New resource discusses how managers can apply social science to better respond to and communicate about wildlife disease to the public.


We first started talking about the need for a new human dimensions chapter for the updated U.S. Geological Survey’s Field Manual of Wildlife Diseases more than 5 years ago. At that time, I had no idea that (a) it would take so long for the chapter to come together, nor (b) that it would finally be ready for release during a zoonotic disease pandemic. Zoonotic diseases are infectious diseases that are shared between animals and humans. It is generally accepted that the virus SARS-CoV-2, which causes the disease COVID-19, originated in wildlife and crossed over to humans. The exact mechanism is still unknown. SARS-CoV-2 evolved to spread from human-to-human, but many of the human dimensions considerations outlined in our wildlife disease chapter still apply.

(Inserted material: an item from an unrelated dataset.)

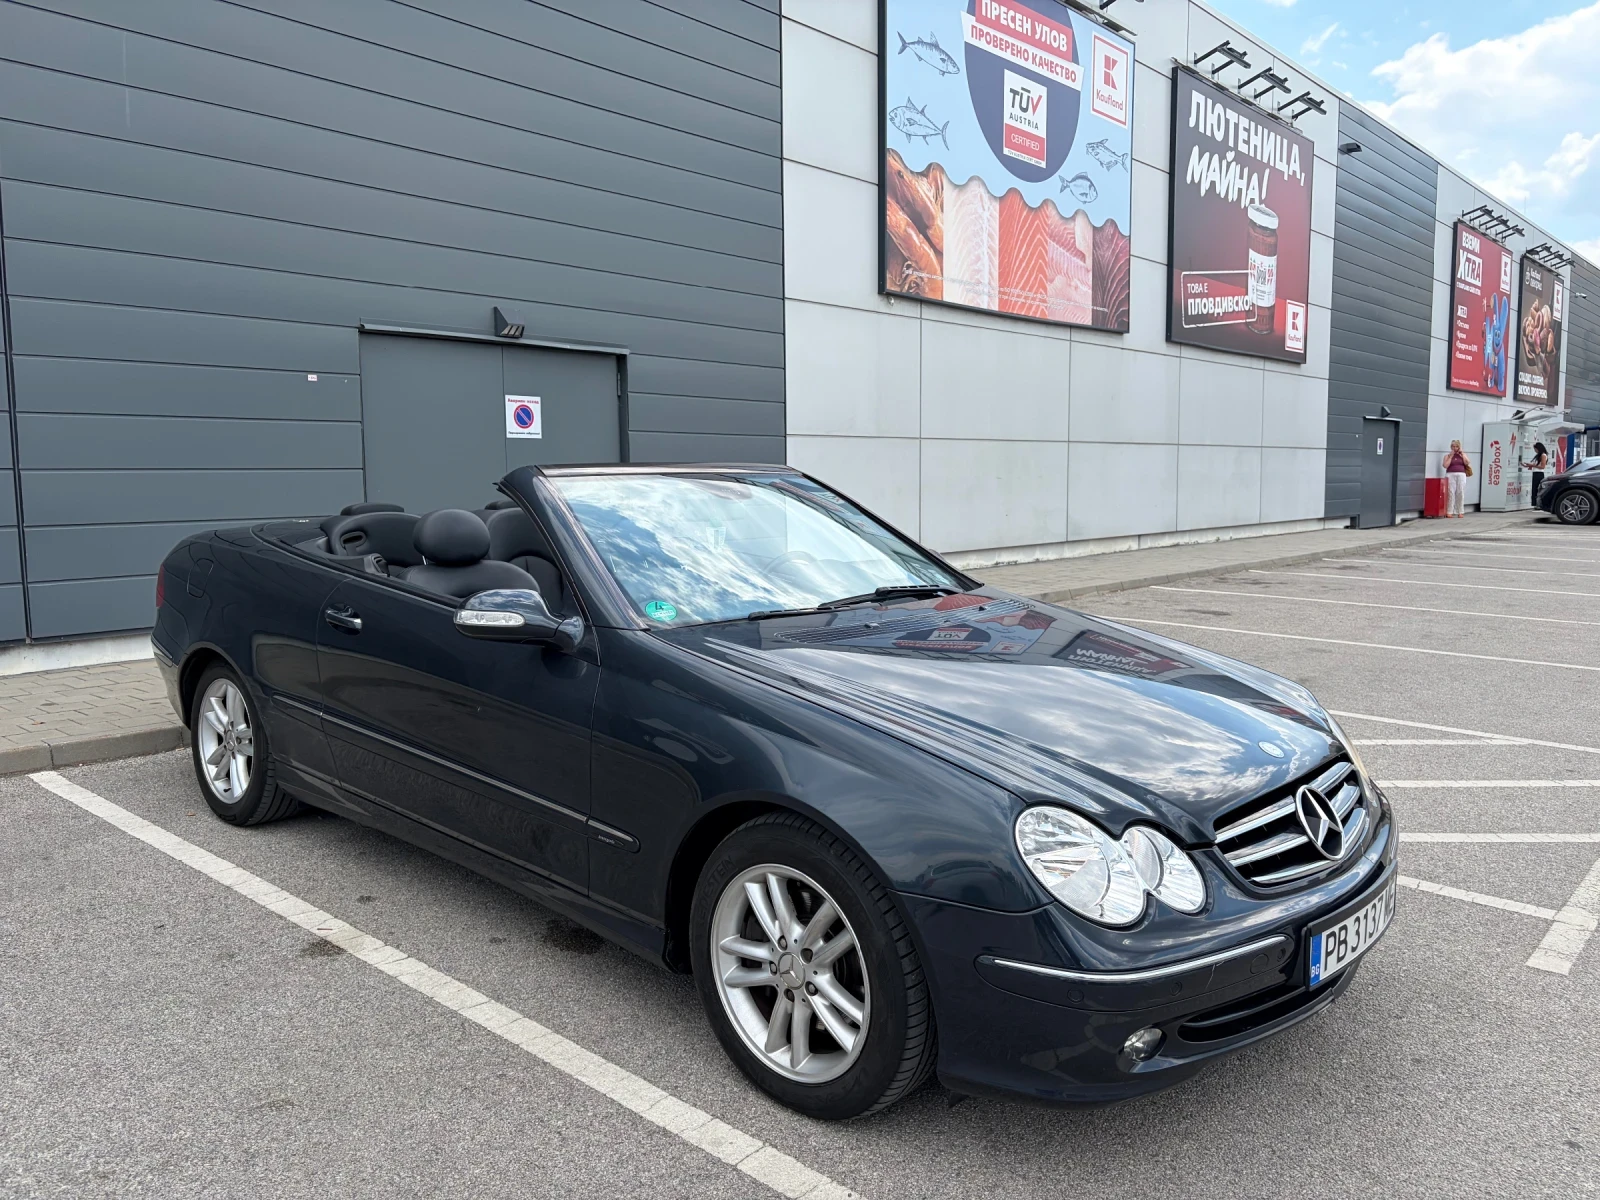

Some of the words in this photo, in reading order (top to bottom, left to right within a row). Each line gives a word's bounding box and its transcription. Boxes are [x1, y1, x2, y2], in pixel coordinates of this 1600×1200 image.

The links between human and animal health have been recognized since the 19th century. Yet, an international interdisciplinary approach to holistically address human, animal, and environmental health did not emerge until the 21st century, under the term One Health. NOAA One Health released a story map last year describing how NOAA supports a healthy nation. Our new chapter contributes to NOAA's One Health efforts.

How Wildlife Diseases Affect People

About three out of four new infectious diseases in people come from domestic animals and wildlife. They typically infect people in several ways: 

  • Through direct or indirect contact with diseased animals.
  • Through bites from insects that transfer the disease from animals to people (called “vectors”).
  • When people consume contaminated food or water. For example, eating raw shellfish can cause infections and death from the bacteria Vibrio

Sometimes people are more concerned about effects of a disease on native wildlife and domestic animals used for food, fiber (silk, fur, and feathers), or companionship than about human infections. One prevalent example in Hawaiʻi is toxoplasmosis, which is one of the leading causes of death for the endangered Hawaiian monk seal. Although people can also contract toxoplasmosis, human health concerns are less controversial than animal management. The Toxoplasma disease organism only reproduces in cats and is spread through their feces. Managing outdoor cats as predators of native wildlife is already highly controversial. Managing toxoplasmosis has the collateral impact of linking monk seals to this controversy. Such collateral impacts can be more challenging to address in society than the biological aspects of the disease.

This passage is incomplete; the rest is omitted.